▶ [What you are asked to do]: In your copy, drop the images and return each record exactly as it stands.

-=-=-

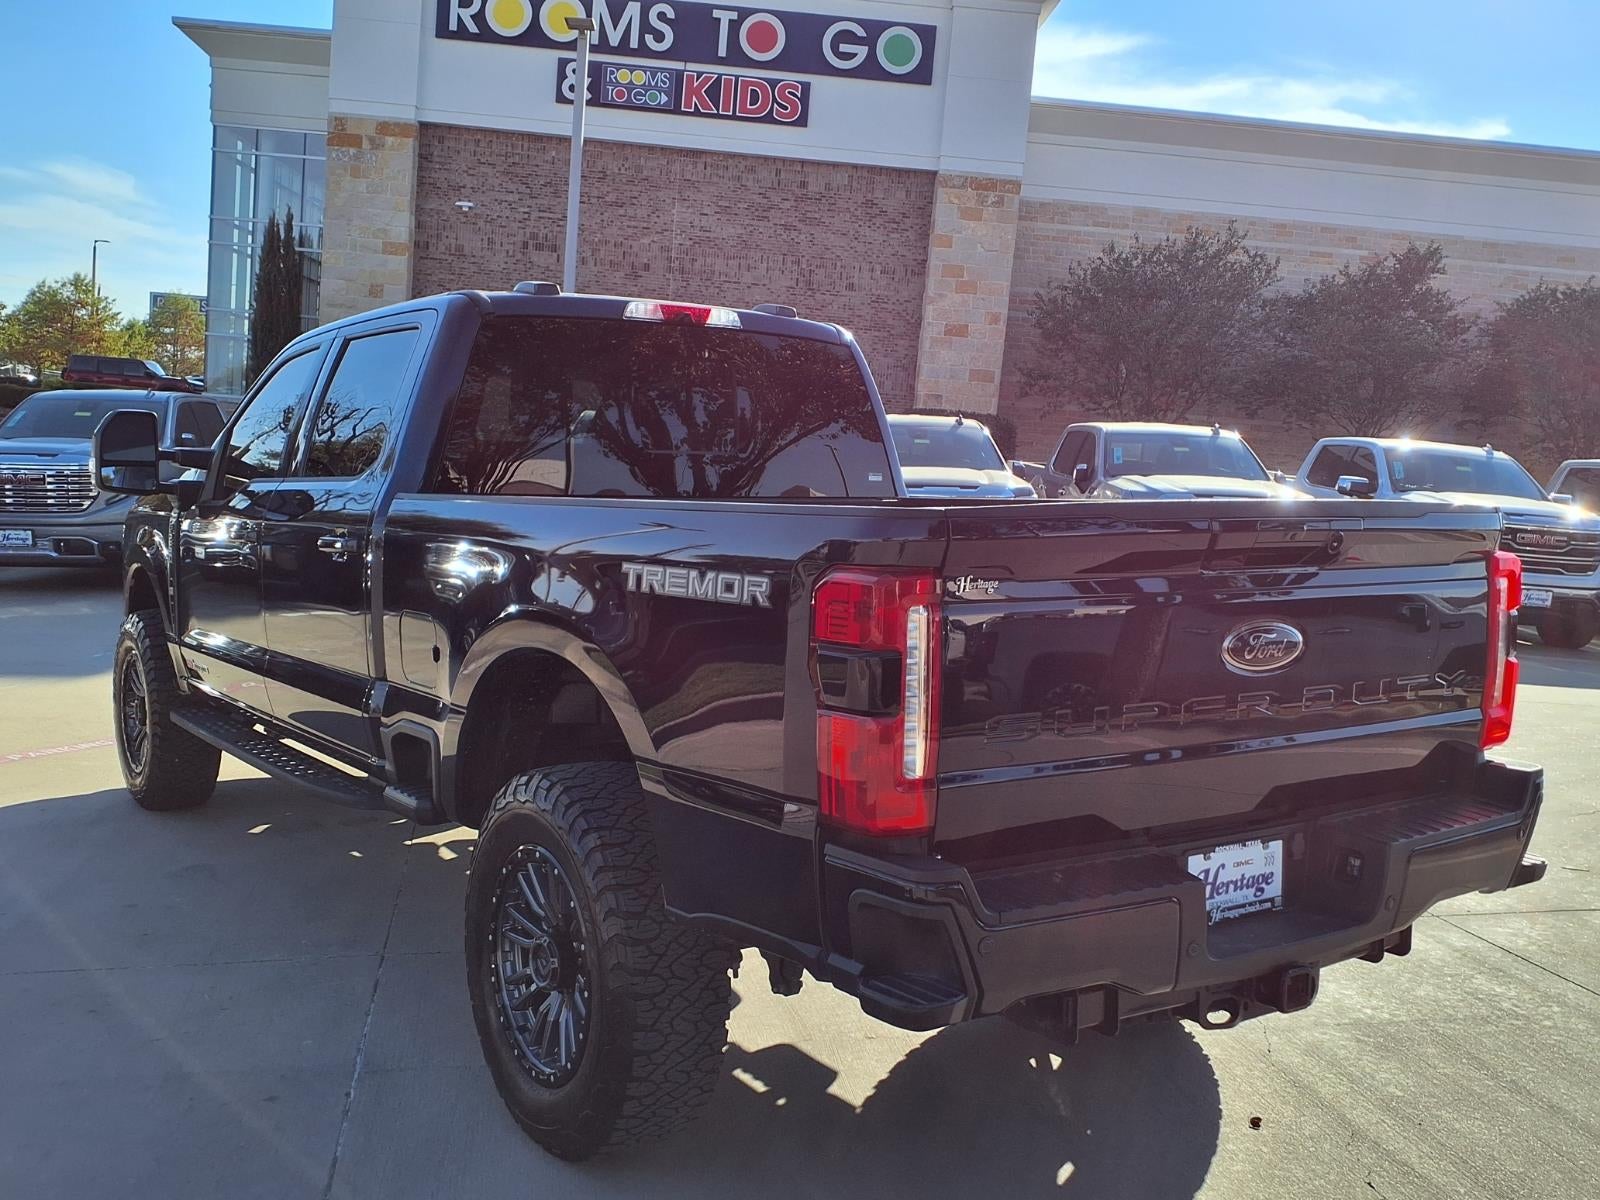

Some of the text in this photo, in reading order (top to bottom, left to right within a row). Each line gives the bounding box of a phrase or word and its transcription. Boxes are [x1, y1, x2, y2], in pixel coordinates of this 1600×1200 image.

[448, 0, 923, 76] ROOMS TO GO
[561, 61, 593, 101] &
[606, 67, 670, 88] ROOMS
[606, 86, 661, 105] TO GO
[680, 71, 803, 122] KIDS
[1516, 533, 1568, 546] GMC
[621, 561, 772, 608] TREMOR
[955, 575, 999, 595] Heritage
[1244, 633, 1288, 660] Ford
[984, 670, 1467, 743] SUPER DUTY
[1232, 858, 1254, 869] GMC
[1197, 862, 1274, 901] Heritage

-=-=-

▶ [Response to the task]:
Some of the text in this photo, in reading order (top to bottom, left to right within a row). Each line gives the bounding box of a phrase or word and its transcription. Boxes are [x1, y1, x2, y2], in pixel coordinates of this 1600×1200 image.

[448, 0, 923, 76] ROOMS TO GO
[561, 61, 593, 101] &
[606, 67, 670, 88] ROOMS
[606, 86, 661, 105] TO GO
[680, 71, 803, 122] KIDS
[1516, 533, 1568, 546] GMC
[621, 561, 772, 608] TREMOR
[955, 575, 999, 595] Heritage
[1244, 633, 1288, 660] Ford
[984, 670, 1467, 743] SUPER DUTY
[1232, 858, 1254, 869] GMC
[1197, 862, 1274, 901] Heritage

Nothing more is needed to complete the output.